Er hätte den Oscar verdient gehabt
1991 dann der Film, über den seit Val Kilmers Tod wieder alle reden: Oliver Stones „The Doors“. Kilmer als Jim Morrison. Ein unerträglich geschwätziger Musikfilm mit Dauerberieselung der größten Doors-Hits. Aber was soll man sagen! Kilmer hätte den Hauptdarsteller-Oscar sowas von verdient gehabt.
Viele vergessen aber, dass er gar nicht nominiert wurde. Er wurde zeit seines Lebens kein einziges Mal nominiert. In jenem Jahr hätte er gegen Robert De Niro („Cape Fear“) und Anthony Hopkins („Das Schweigen der Lämmer“) aber leider auch keine Chance gehabt.
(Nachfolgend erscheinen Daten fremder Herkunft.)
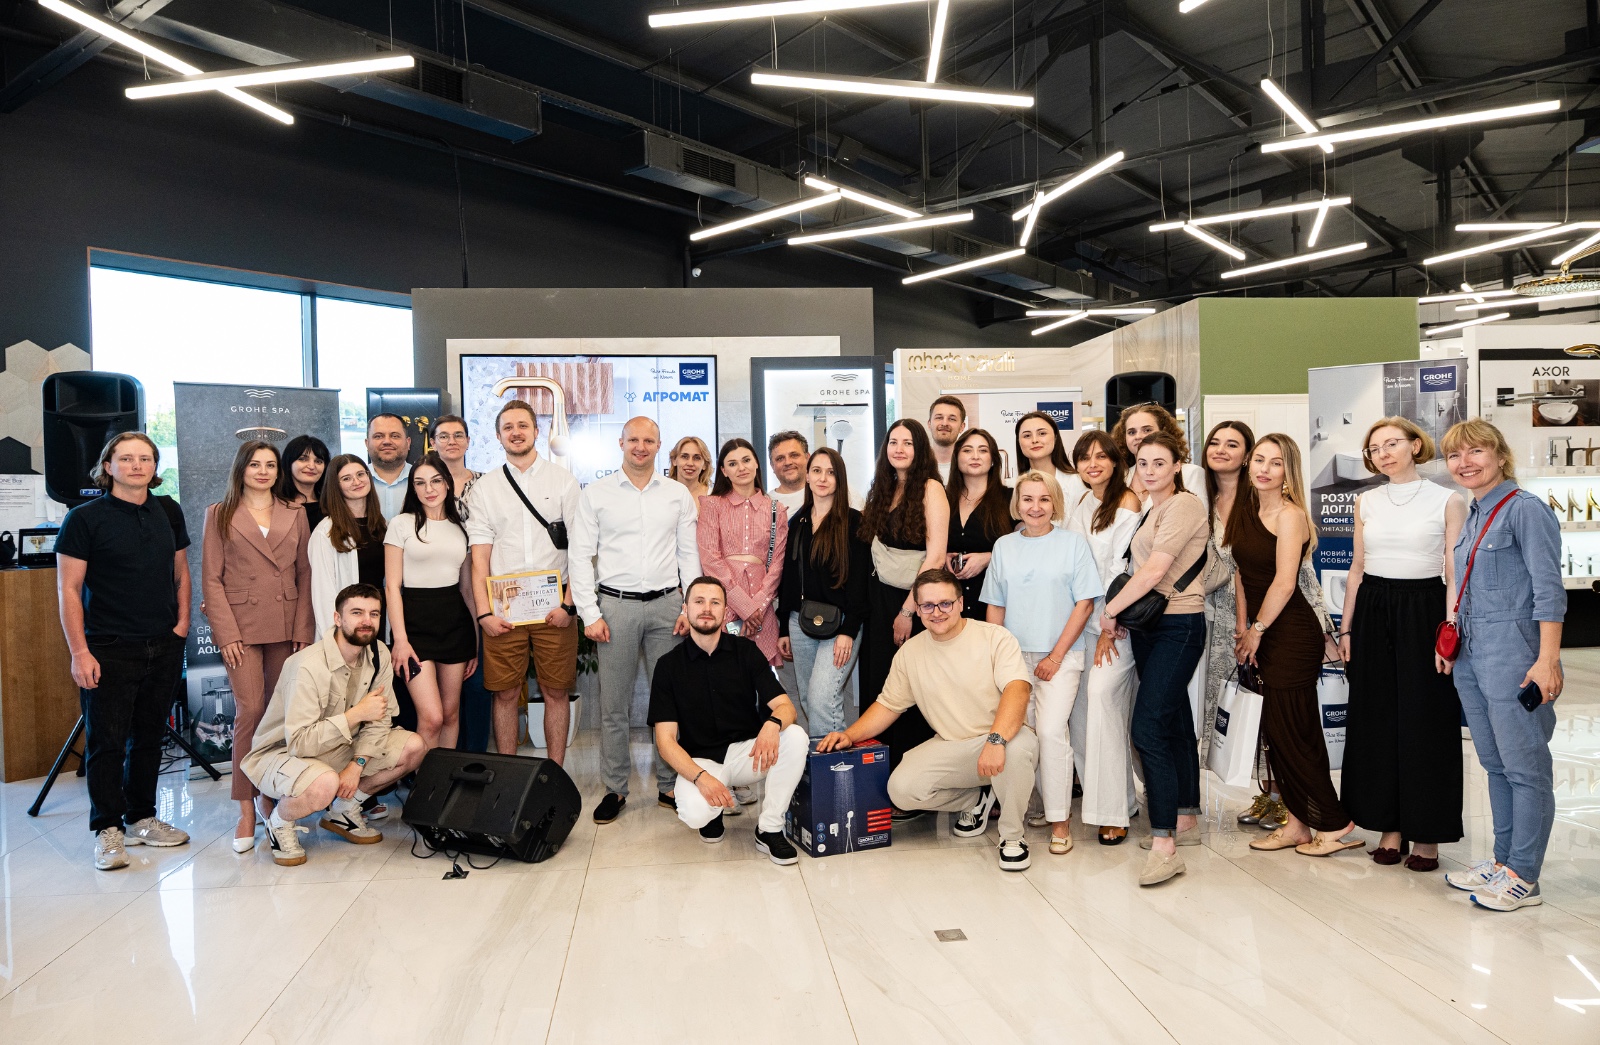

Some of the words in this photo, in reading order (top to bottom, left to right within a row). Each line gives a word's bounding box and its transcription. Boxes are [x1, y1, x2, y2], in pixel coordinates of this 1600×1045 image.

[908, 352, 963, 373] roberto
[966, 351, 1015, 373] cavalli
[1532, 366, 1570, 377] AXOR
[1423, 372, 1453, 381] GROHE
[643, 391, 710, 402] АГРОМАТ
[230, 405, 267, 413] GROHE
[531, 598, 550, 607] 10%
[196, 625, 213, 634] GR
[197, 636, 212, 645] RA
[197, 645, 221, 655] AQU
[1325, 709, 1347, 717] GROHE
In Kilmer floss schwedisches Blut, irisches, deutsches – und das der Cherokee. Die Szenen mit den Indigenen in „The Doors“ waren ihm wichtig. So wie die mit den Lizards. Von Kilmer stammt auch die Idee für die Szene, als Jim Morrison sich im Fahrstuhl von einem Groupie befriedigen lässt, seine ahnungslose Partnerin Pamela Courson (Meg Ryan) von außen die Fahrstuhltür öffnet, und Morrison sie dann einfach auslacht.
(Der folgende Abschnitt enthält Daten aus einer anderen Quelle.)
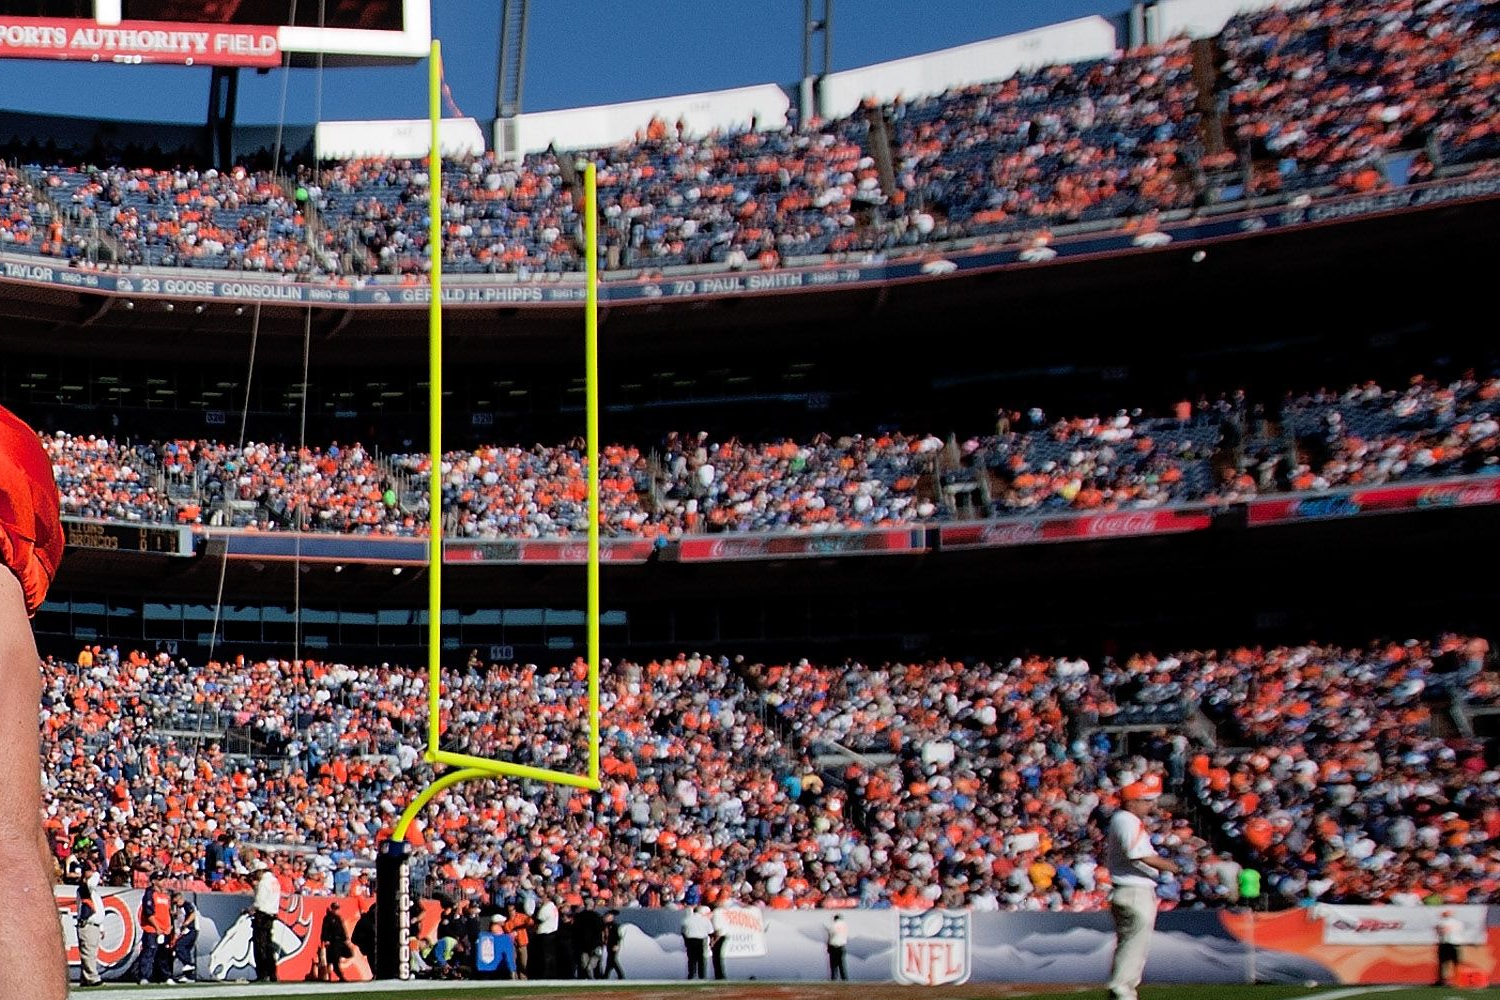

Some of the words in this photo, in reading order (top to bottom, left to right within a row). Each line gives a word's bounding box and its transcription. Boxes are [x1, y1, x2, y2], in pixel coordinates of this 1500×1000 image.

[71, 28, 209, 53] AUTHORITY
[214, 33, 278, 56] FIELD
[5, 262, 53, 281] TAYLOR
[141, 278, 160, 292] 23
[164, 279, 215, 295] GOOSE
[221, 283, 302, 299] GONSOULIN
[469, 288, 485, 301] H.
[486, 287, 543, 301] PHIPPS
[674, 279, 695, 295] 70
[703, 277, 746, 294] PAUL
[750, 272, 803, 289] SMITH
[69, 522, 105, 535] LIONS
[69, 534, 119, 550] BRONCOS
[140, 539, 148, 552] 0
[400, 863, 410, 980] BRONCOS
[905, 942, 962, 986] NFL
Ab dem Method Acting von „The Doors“ galt Val Kilmer als „schwierig“. Man kann auch sagen, dass er damals, mit 31, seinen Höhepunkt in Hollywood erreicht hatte. Er wurde nun vor allem als sehr guter Wingman gebucht. Vielleicht, weil man dann weniger Ärger mit ihm hatte. „Tombstone“, „True Romance“ (ein Cameo als Elvis), und als Nachwuchsganove Chris in Michael Manns „Heat“, wo er das Pech hatte, dass sein Understatement auf das Understatement Robert De Niros traf; und zu wenige Szenen mit Al Pacino hatte, dessen Fünf-Zündstufen-Gebrüll Feinheiten eines Gegenübers, wie Kilmer sie beherrscht, zulassen könnte.
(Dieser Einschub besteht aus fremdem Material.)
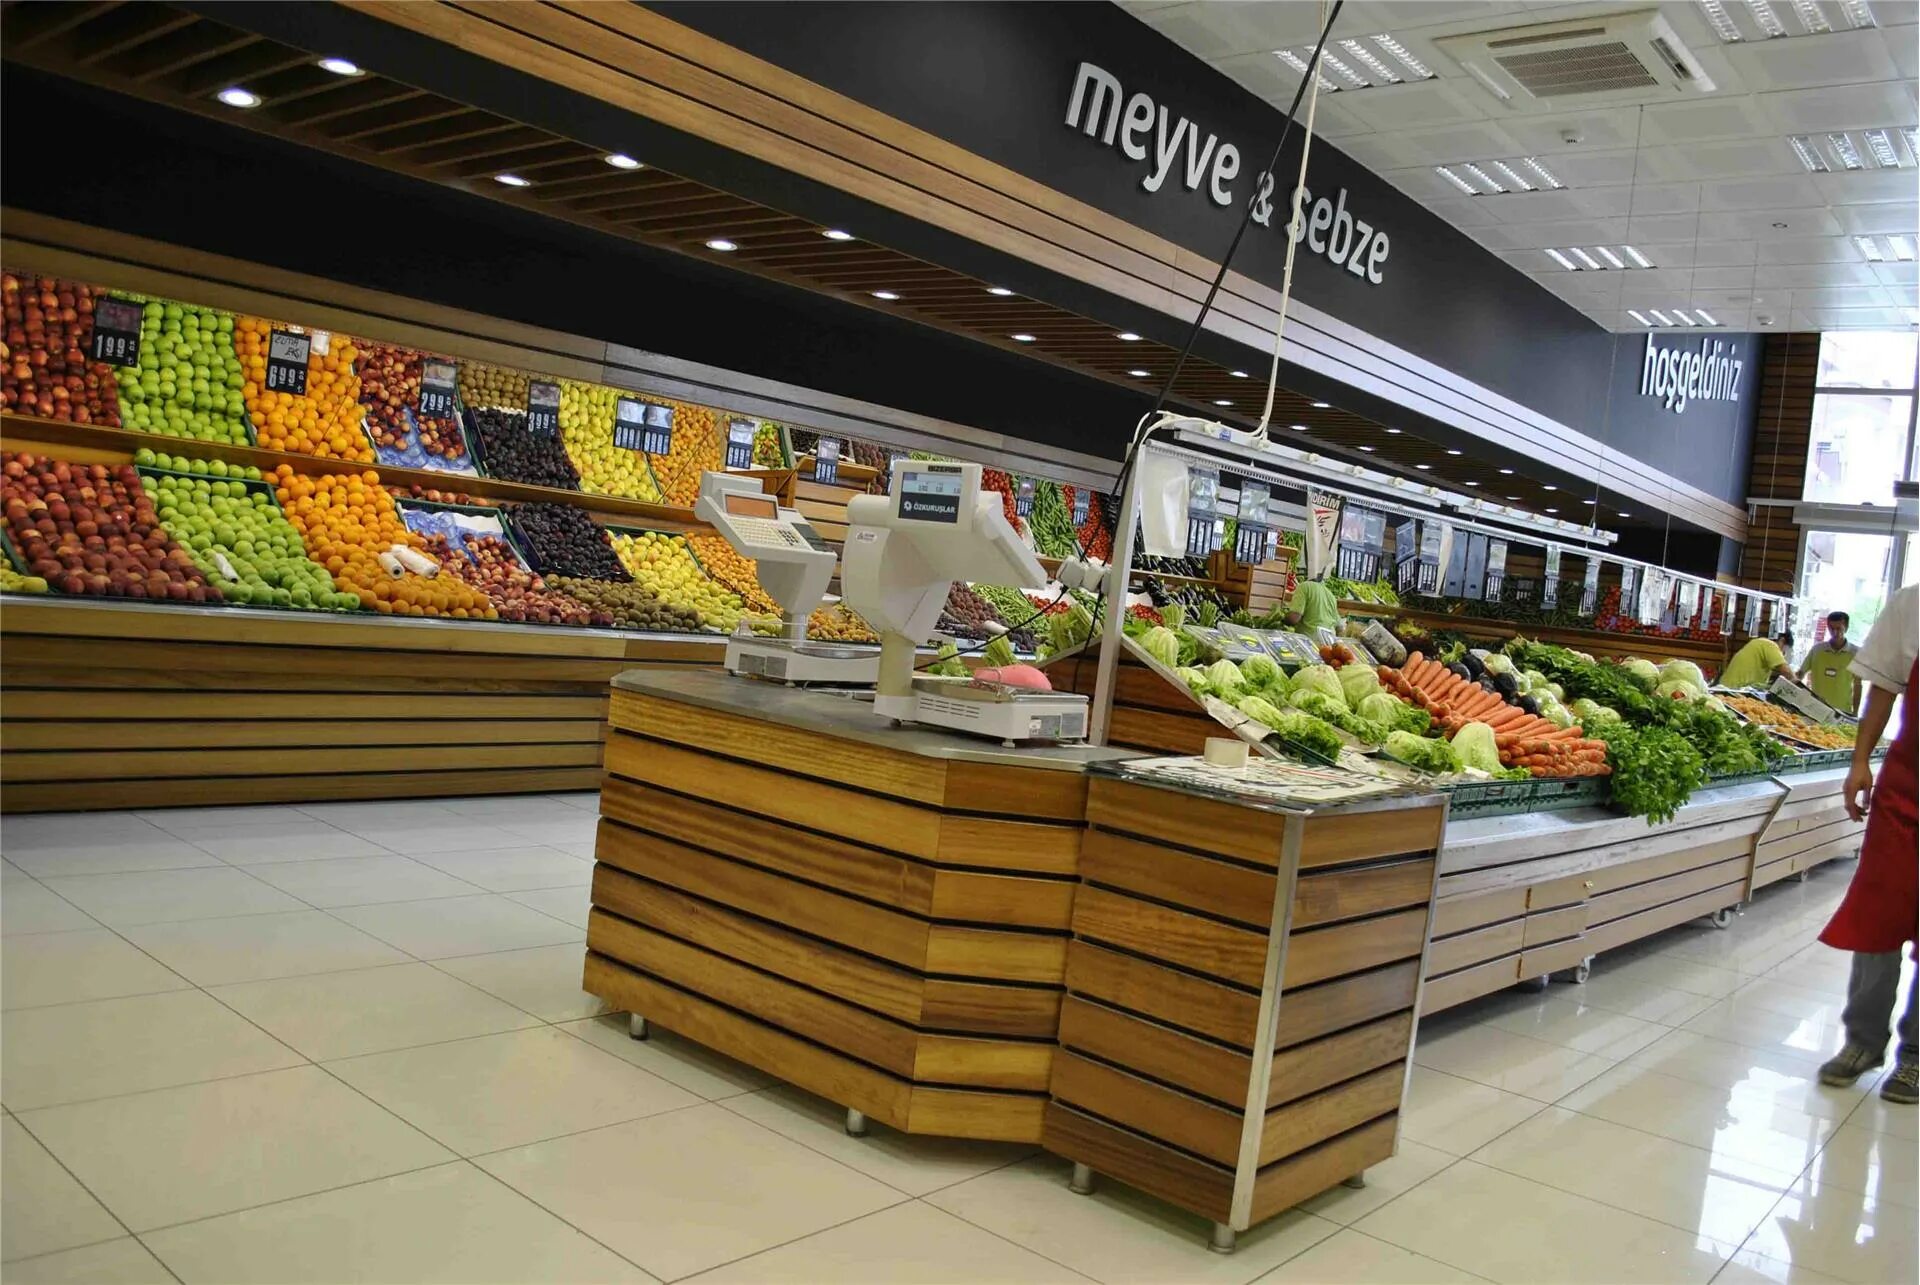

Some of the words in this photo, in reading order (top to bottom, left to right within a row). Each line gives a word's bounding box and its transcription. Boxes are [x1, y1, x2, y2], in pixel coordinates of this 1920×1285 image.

[1064, 61, 1240, 206] meyve
[1249, 171, 1274, 227] &
[1285, 186, 1390, 285] sebze
[97, 334, 126, 359] 199
[268, 365, 296, 388] 699
[1641, 331, 1743, 414] hoşgeldiniz
[420, 392, 445, 413] 299
[528, 412, 550, 433] 399
[913, 501, 956, 514] ÖZKURUŞLAR
„Heat 2“ als sein Vermächtnis
Unvergessen die Szene, als Chris sich von seiner Partnerin (Ashley Judd) für immer verabschieden muss. Aus der Ferne, ohne Körperkontakt also, weil sie von den Cops observiert werden. Falls Michael Mann „Heat 2“ drehen sollte, wird Kilmers Figur des Chris immer mitschwingen. Denn der „Heat 2“ zugrunde liegende Roman macht Chris Shiherlis zur Hauptfigur.
Auch „Heat 2“ ist damit Val Kilmers Vermächtnis.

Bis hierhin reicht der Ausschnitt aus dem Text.